Wang et al. (2025) Aridification enhancing vegetation sensitivities to soil and atmospheric dryness in Northeast Asia
Identification
- Journal: Global and Planetary Change
- Year: 2025
- Date: 2025-12-08
- Authors: Zhikai Wang, Wen Chen, Jinling Piao, Shangfeng Chen, Changhao Wu
- DOI: 10.1016/j.gloplacha.2025.105244
Research Groups
- Center for Monsoon System Research, Institute of Atmospheric Physics, Chinese Academy of Sciences, Beijing, China
- College of Earth and Planetary Sciences, University of Chinese Academy of Sciences, Beijing, China
- Yunnan Key Laboratory of Meteorological Disasters and Climate Resources in the Greater Mekong Subregion, Yunnan University, Kunming, China
- Department of Atmospheric Sciences, Yunnan University, Kunming, China
- Yunnan International Joint Laboratory of Monsoon and Climate Disasters, Yunnan University, Kunming, China
- National Key Laboratory of Earth System Numerical Modeling and Application, Institute of Atmospheric Physics, Chinese Academy of Sciences, Beijing, China
Short Summary
This study investigates how vegetation gross primary production (GPP) sensitivity to soil moisture (SM) and vapor pressure deficit (VPD) shifts across aridity gradients in Northeast Asia, finding that aridification enhances GPP vulnerability, especially to VPD in semi-arid to humid zones.
Objective
- To explore the relative dominance of soil moisture (SM) and vapor pressure deficit (VPD) on gross primary production (GPP) variations and understand the shifting sensitivity of vegetation productivity to a warming climate across aridity gradients in Northeast Asia.
Study Configuration
- Spatial Scale: Northeast Asia (NEA), encompassing northern China and the Mongolian Plateau.
- Temporal Scale: Focuses on changes observed since the early 2000s, reflecting a period of warming and drying conditions.
Methodology and Data
- Models used: Random Forest (RF) algorithm.

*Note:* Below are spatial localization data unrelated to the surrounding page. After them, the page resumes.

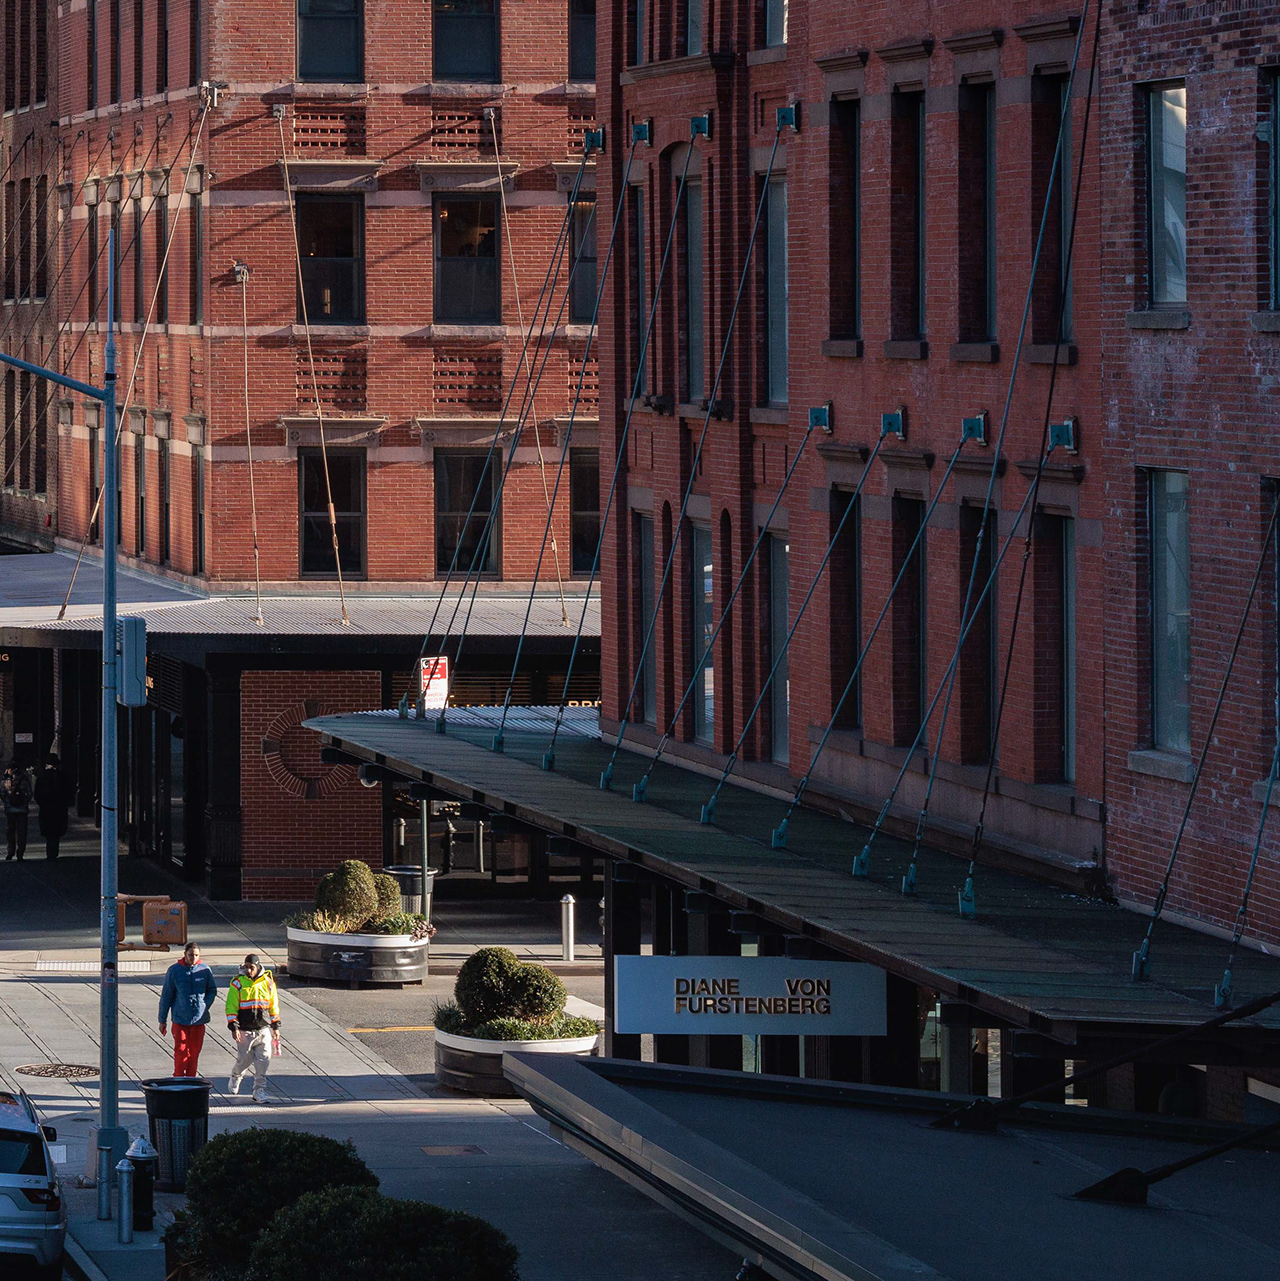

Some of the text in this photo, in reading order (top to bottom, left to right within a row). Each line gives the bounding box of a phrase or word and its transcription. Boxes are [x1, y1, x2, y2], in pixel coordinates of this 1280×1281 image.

[674, 978, 831, 996] DIANE VON
[674, 997, 831, 1015] FURSTENBERG
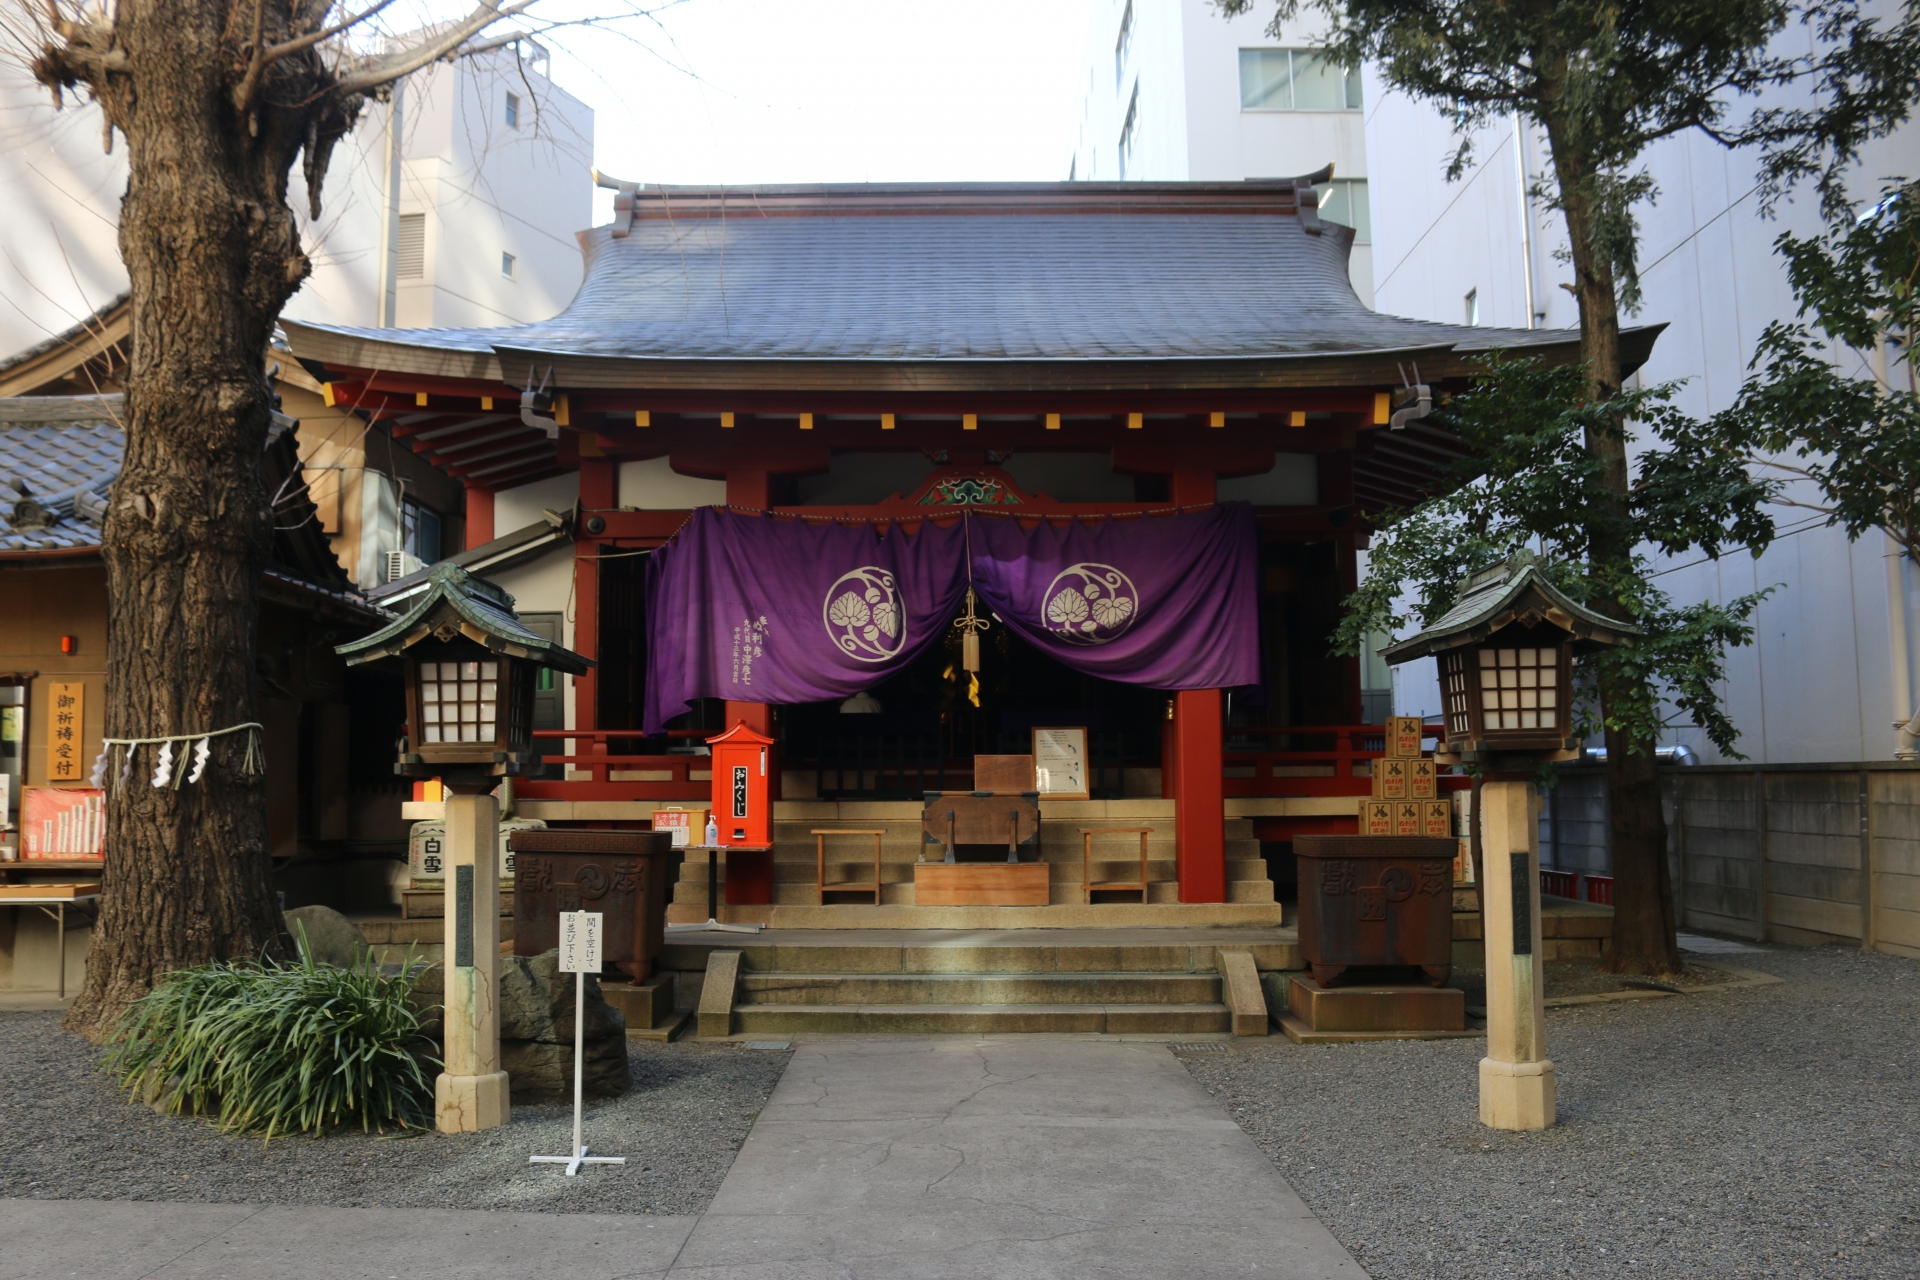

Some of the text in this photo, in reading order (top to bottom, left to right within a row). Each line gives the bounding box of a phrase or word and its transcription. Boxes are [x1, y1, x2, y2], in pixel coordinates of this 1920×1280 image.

[735, 769, 746, 816] おみくじ
[424, 837, 442, 873] 白雪
[566, 914, 576, 970] お並び下さい
[586, 917, 596, 968] 間を空けて

- Data sources: Not explicitly detailed in the provided text, but implied observational or reanalysis data for gross primary production (GPP), soil moisture (SM), and vapor pressure deficit (VPD).
Main Results
- Vegetation growth in arid regions is predominantly influenced by soil moisture (SM).
- Vapor pressure deficit (VPD) exerts a stronger influence on vegetation growth in semi-arid to humid zones.

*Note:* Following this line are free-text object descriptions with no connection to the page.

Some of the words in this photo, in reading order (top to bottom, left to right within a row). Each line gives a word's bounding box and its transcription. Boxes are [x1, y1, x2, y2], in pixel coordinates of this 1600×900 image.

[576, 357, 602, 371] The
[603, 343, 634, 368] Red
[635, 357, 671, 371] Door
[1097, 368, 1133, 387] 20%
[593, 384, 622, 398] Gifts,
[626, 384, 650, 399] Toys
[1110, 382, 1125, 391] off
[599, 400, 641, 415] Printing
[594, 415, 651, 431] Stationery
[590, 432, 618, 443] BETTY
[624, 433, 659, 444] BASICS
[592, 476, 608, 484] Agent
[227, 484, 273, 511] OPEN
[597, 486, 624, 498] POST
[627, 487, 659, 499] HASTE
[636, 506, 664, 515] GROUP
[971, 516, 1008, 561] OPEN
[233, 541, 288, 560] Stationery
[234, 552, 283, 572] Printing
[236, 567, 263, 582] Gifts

- Under warming and drying conditions (aridification), the sensitivity of GPP to water availability intensified.
- Vegetation in semi-arid to humid zones became increasingly vulnerable to VPD under these aridifying conditions.
Contributions
- Demonstrates distinct and varied responses of vegetation growth to soil moisture and vapor pressure deficit across different aridity gradients.
- Quantifies the intensification of GPP sensitivity to water availability under ongoing warming and drying conditions in Northeast Asia.
- Highlights the increased vulnerability of vegetation in semi-arid to humid zones to vapor pressure deficit due to aridification.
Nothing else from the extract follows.